The chapter of biography that lies behind the writing of In a German Pension has yet to be fully written. Katherine Mansfield had come to London at the age of twenty to be a writer. She had had lovers. She had married a singing teacher, George Bowden, and had left him next day. She had possibly experimented with drugs. She had become pregnant to someone who was not her husband and gone to Bavaria to have the child, but the pregnancy miscarried. All this in 1909 or '10. As Brigid Brophy puts it: 'The life of the "free woman" which is now being imposed on us as a postwar phenomenon – post our war – was being lived by Katherine Mansfield, and with incomparably more style, before women were properly out of long skirts.' With more style, no doubt; but also without antibiotics and without the pill, and it was very nearly too much for her. She survived the crisis, however, and under the pressure of so much experience wrote her first book very rapidly, not at all in the confessional manner most young gentlewomen in like circumstances would have chosen, but converting it all into black comedy. In the story called 'The Modern Soul' there is a German professor who likes to eat cherries because he says they free saliva for his playing on the trombone. He is also very skilled at spitting the cherry stones great distances across the garden. He explains to a young woman that all cherries contain worms, but if you like cherries you must put up with that. '... it amounts to this,' he says; 'if one wishes to satisfy the desires of nature one must be strong enough to ignore the facts of nature.' That is really the dilemma Katherine Mansfield is wrestling with in these stories. Only a rare talent would have allowed it to emerge in such a bizarre and oblique way.

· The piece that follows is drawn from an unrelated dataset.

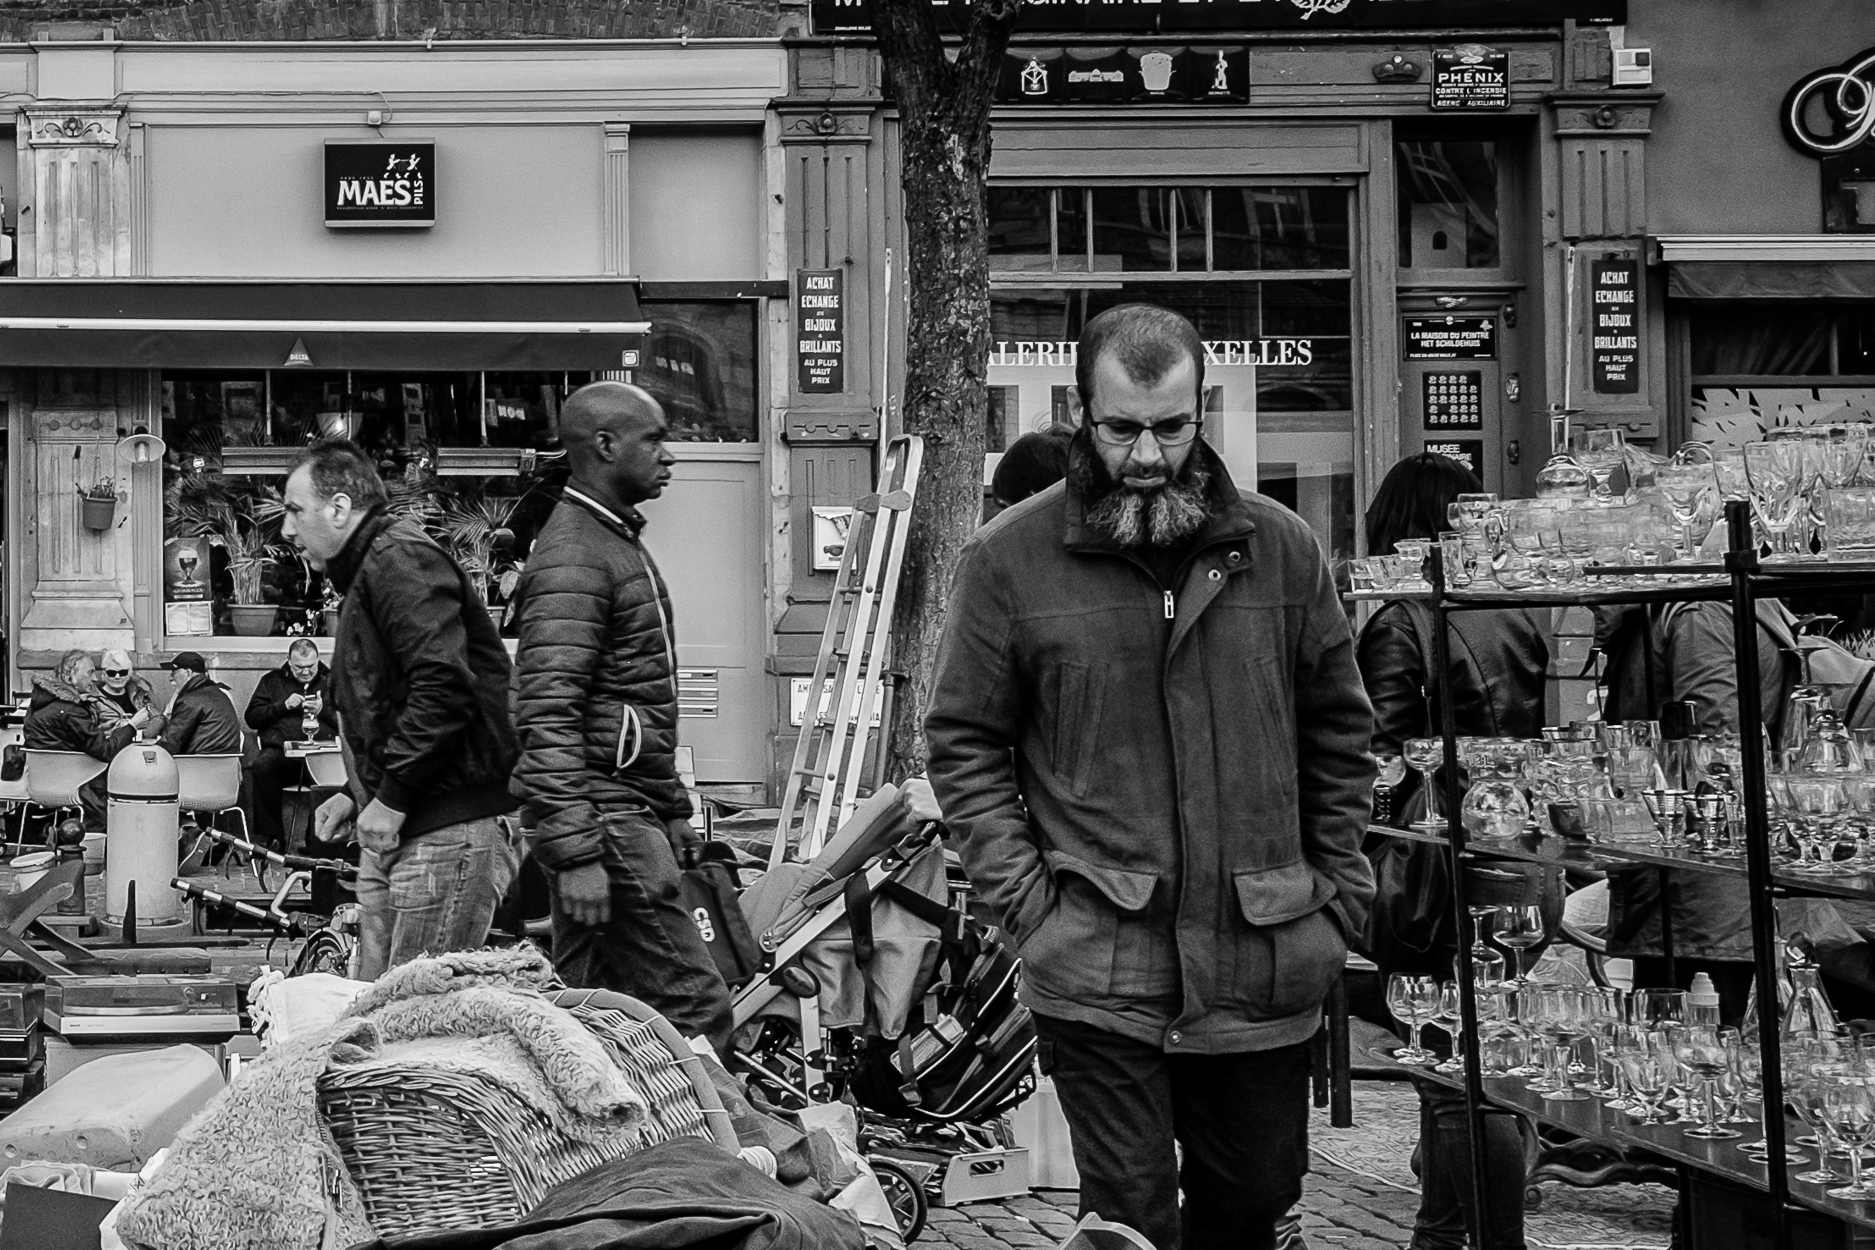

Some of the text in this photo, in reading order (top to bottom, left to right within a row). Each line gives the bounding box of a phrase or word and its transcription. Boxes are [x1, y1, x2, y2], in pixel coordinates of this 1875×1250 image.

The book was a success. It went through three printings before the publisher vanished abroad, pursued by a charge of bigamy. But it left Katherine Mansfield uncertain what direction her writing should take. She experimented a great deal and did not publish another collection of stories for nine years. One brief experiment consists of three stories which are interesting because they indicate a whole line of development she denied herself by becoming a European writer. 'Millie', 'Ole Underwood', and 'The Woman at the Store', are New Zealand stories quite different from the evocations of a middle-class childhood for which she is best known. They are stories of raw colonial life, conventionally shaped towards a dénouement. They anticipate a whole genre of New Zealand fiction; and they lead Elizabeth Bowen to ask whether Katherine Mansfield might not, under different circumstances, have become a regional writer. The dénouement of 'The Woman at the Store' is a very professional exercise in surprising us with what on reflection we have to concede was apparent all along. The revelation comes when the strangely malevolent child does for the visitors the drawing her mother has forbidden her to do. Subtly the story has led us to expect something pornographic. Instead, the drawing reveals that the woman, who is portrayed as having been ruined by neglect, maltreatment, and the strain of outback life, has murdered her husband. Thus elements of the thriller and the social documentary are combined; and at the same time the story can be seen to contain another version of Katherine Mansfield's central preoccupation – female sexual involvement and the destruction she seems to feel goes inevitably with it.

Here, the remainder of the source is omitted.